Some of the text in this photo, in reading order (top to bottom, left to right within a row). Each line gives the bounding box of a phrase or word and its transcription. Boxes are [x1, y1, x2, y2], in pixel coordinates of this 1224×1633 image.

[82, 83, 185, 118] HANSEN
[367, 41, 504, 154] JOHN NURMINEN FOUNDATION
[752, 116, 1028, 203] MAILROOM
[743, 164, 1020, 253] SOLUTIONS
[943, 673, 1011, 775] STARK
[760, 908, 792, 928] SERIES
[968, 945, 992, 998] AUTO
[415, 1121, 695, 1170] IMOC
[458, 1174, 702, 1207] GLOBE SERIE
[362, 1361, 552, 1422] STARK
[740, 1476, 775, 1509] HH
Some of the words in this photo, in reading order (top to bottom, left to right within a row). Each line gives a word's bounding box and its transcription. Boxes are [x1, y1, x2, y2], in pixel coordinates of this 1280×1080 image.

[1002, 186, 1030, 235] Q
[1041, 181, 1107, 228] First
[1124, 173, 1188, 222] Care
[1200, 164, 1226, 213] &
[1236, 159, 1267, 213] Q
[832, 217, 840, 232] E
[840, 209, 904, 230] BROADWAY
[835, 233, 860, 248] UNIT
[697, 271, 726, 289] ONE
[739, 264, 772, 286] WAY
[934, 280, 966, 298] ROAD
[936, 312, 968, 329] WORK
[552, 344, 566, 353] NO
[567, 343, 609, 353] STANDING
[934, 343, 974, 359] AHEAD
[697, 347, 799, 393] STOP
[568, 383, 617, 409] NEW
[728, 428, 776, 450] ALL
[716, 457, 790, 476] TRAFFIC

┄┄┄┄┄┄

Work to be completed ▸ When you repeat the data, keep each line exactly as given.

Task output ▸
Some of the text in this photo, in reading order (top to bottom, left to right within a row). Each line gives the bounding box of a phrase or word and its transcription. Boxes are [x1, y1, x2, y2], in pixel coordinates of this 1224×1633 image.

[82, 83, 185, 118] HANSEN
[367, 41, 504, 154] JOHN NURMINEN FOUNDATION
[752, 116, 1028, 203] MAILROOM
[743, 164, 1020, 253] SOLUTIONS
[943, 673, 1011, 775] STARK
[760, 908, 792, 928] SERIES
[968, 945, 992, 998] AUTO
[415, 1121, 695, 1170] IMOC
[458, 1174, 702, 1207] GLOBE SERIE
[362, 1361, 552, 1422] STARK
[740, 1476, 775, 1509] HH
Some of the words in this photo, in reading order (top to bottom, left to right within a row). Each line gives a word's bounding box and its transcription. Boxes are [x1, y1, x2, y2], in pixel coordinates of this 1280×1080 image.

[1002, 186, 1030, 235] Q
[1041, 181, 1107, 228] First
[1124, 173, 1188, 222] Care
[1200, 164, 1226, 213] &
[1236, 159, 1267, 213] Q
[832, 217, 840, 232] E
[840, 209, 904, 230] BROADWAY
[835, 233, 860, 248] UNIT
[697, 271, 726, 289] ONE
[739, 264, 772, 286] WAY
[934, 280, 966, 298] ROAD
[936, 312, 968, 329] WORK
[552, 344, 566, 353] NO
[567, 343, 609, 353] STANDING
[934, 343, 974, 359] AHEAD
[697, 347, 799, 393] STOP
[568, 383, 617, 409] NEW
[728, 428, 776, 450] ALL
[716, 457, 790, 476] TRAFFIC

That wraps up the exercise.